Well, it uses hitTest to figure out which component the mouse is over for a given position. If your hitTest behaves inconsistently then yes, that could lead to messages getting screwed up.
Well, it depends exactly what you mean by that. Its purpose is just to handle components with unusual shapes - if you make it always return a consistent value for a given coordinate then nothing should go wrong.
But if you were to do something silly like make its return value depend on other external factors like the state of the mouse, or focus, or other components, then all bets are off.
It simply checks for the existence of the scrollbar and if the scrollbar is visible and the x-coordinate is outside the list display, but over the scrollbar, then it returns false.
Otherwise it is simply “return ListBox::hitTest (x, y);”
Can’t you just turn off the scrollbars if you don’t want them?
I guess that if you remove your hitTest override and the thing you’re complaining about stops happening, then it must be something you’re doing in there that’s messing stuff up.
They turn themselves on and off, depending on how much content is in the viewport. It’s a standard ListBox. Outside my control. I wish the viewport had a “setScrollbarAlwaysOn (bool horizontal, bool vertical)”, so they simply stayed on and the width of the actual ListBox content wouldn’t fluctuate, but that’s outside my control.
I can post the hitTest code here later (I’m on mobile right now), but shouldn’t mouseExit get called no matter what, as soon as hitTest for the component returns false and it returned true before?
Did you try my suggestion of removing your hitTest code and seeing what effect that has? It would seem sensible to find out whether the hit test is actually involved before spending more time discussing how it works.
Well yes, you can see in the code above how that’s enforced. Like I said earlier, the only way it would lose an event would be if the old component was deleted. And if you have an external listener that’s listening to all mouse events in a hierarchy, then you could expect it to see a mouse enter without an exit if a component was deleted while the mouse was over it. Maybe that happens for one of the subcomponents in your listbox.
Yes, I’ve removed the hitTest code and it works as it should. But now I get hover mouseHovers when the mouse is over the scrollbar:
Here is my hitTest code:
bool GUI_Listbox::hitTest (int x, int y)
{
if (getViewport ()->getVerticalScrollBar ()->isVisible ())
{
const int scrW = getViewport ()->getScrollBarThickness ();
const int margin = scrW + getOutlineThickness () * 2;
if (x >= (getWidth () - margin) && x < (getWidth () - (margin - scrW)))
{
return false;
}
}
return ListBox::hitTest (x, y);
}
As you can see, there is nothing nefarious going on.

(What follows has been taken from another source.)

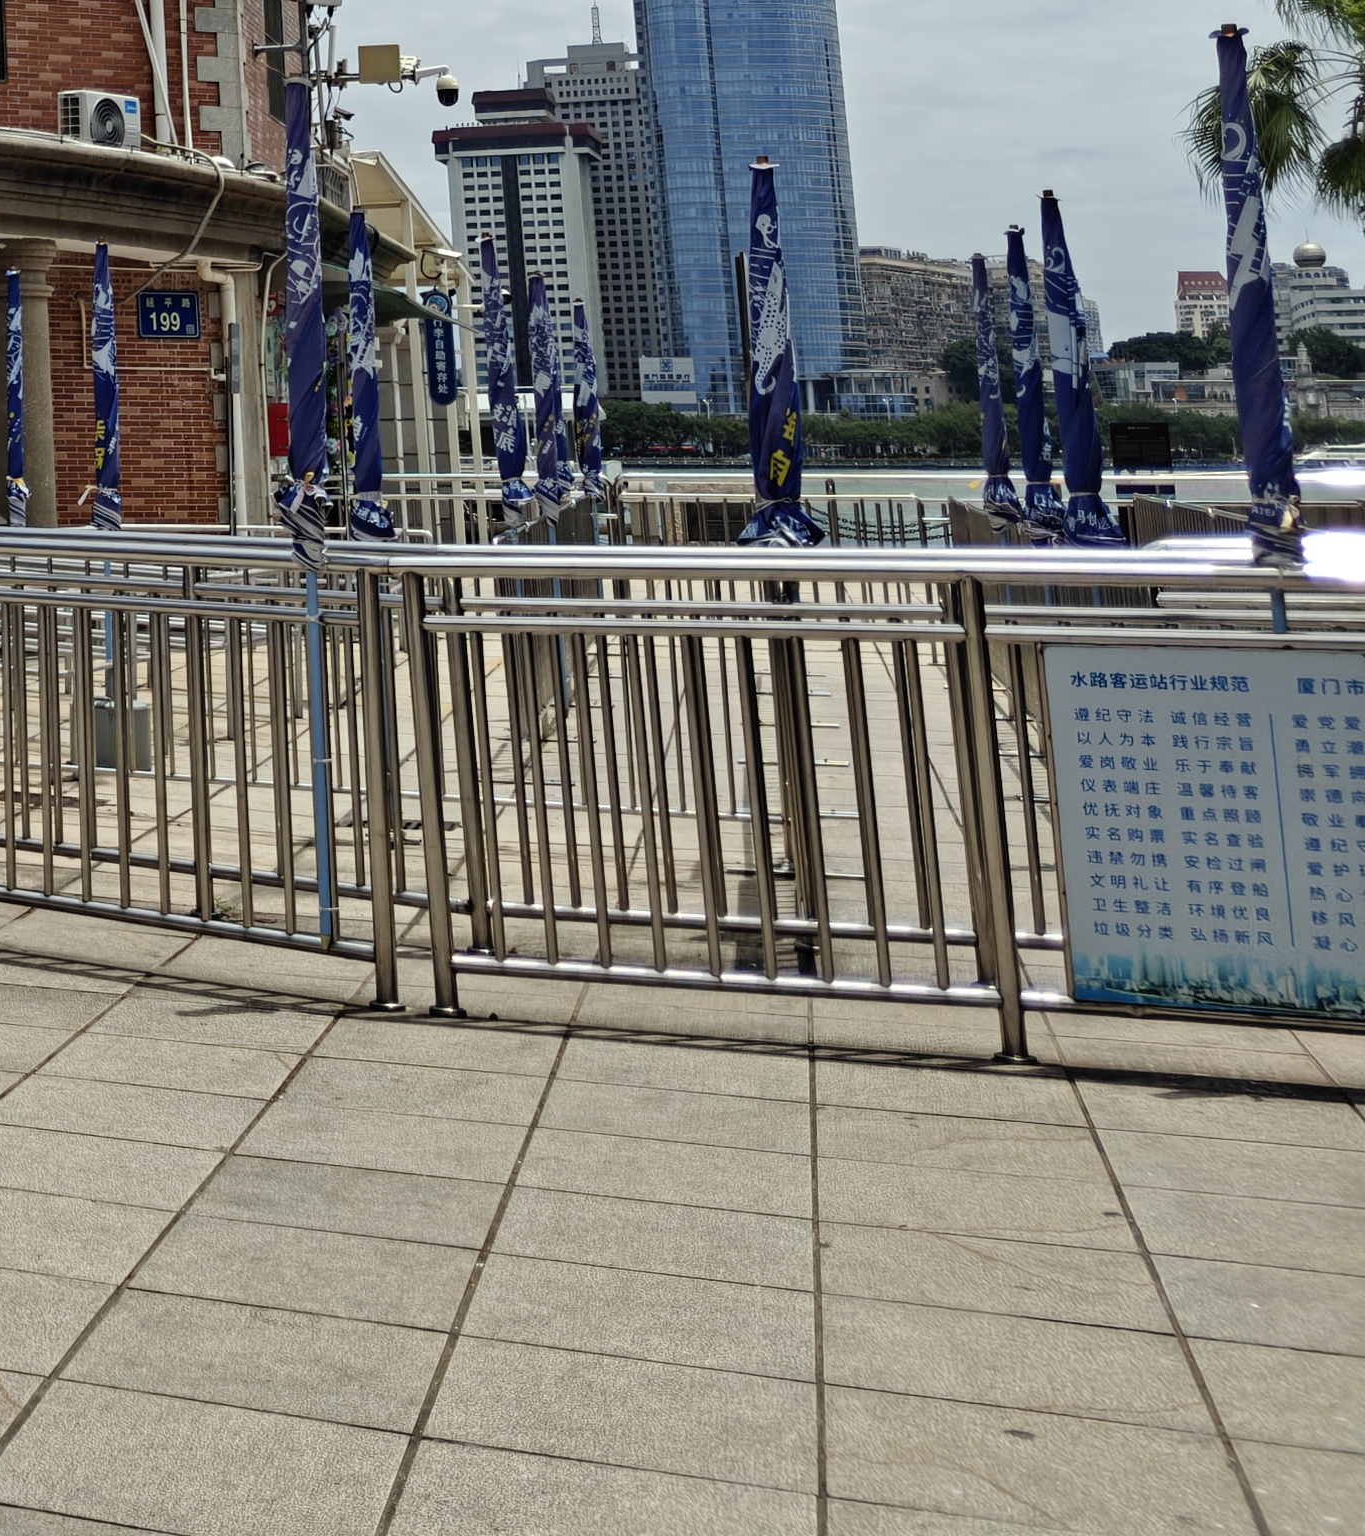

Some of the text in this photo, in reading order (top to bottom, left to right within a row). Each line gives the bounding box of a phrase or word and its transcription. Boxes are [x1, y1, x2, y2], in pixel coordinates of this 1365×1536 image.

No, no components are deleted or being added or anything like that. It’s simply two ListBoxes side by side, both with lots of entries in them (hence the scrollbar turning on) and when I move the mouse quickly between the left and right control (from the left to the right), there is a very good chance (>10%) that “mouseExit” doesn’t get called for the left control.
If I only leave the “return ListBox:hitTest (x, y);” in there and comment the rest out, I can’t reproduce the problem at all.
Well, the scrollbar’s visibility will get changed by some callback that depends on which component the mouse is over and you’re using that in deciding whether the mouse is over this one… so presumably there’s a subtle interaction there that’s going wrong for you. But I really don’t think this counts as a library bug.
Why do you make these weird and specific assumptions? No, the scrollbar is not randomly there and then not.
Again: these are two listboxes, side by side. Both have items in them that exceed the viewport. Both show their scrollbar. Nothing is changing except me moving the mouse. No magic is happening in the background hiding the scrollbar or changing the lists.
I will, in the next few days, create a standalone demo, then you can see it for yourself.
Alternatively we can do a remote-desktop session via Skype and I can show you the problem (and associated source) in action. Heck, I would even pay money for you to do it.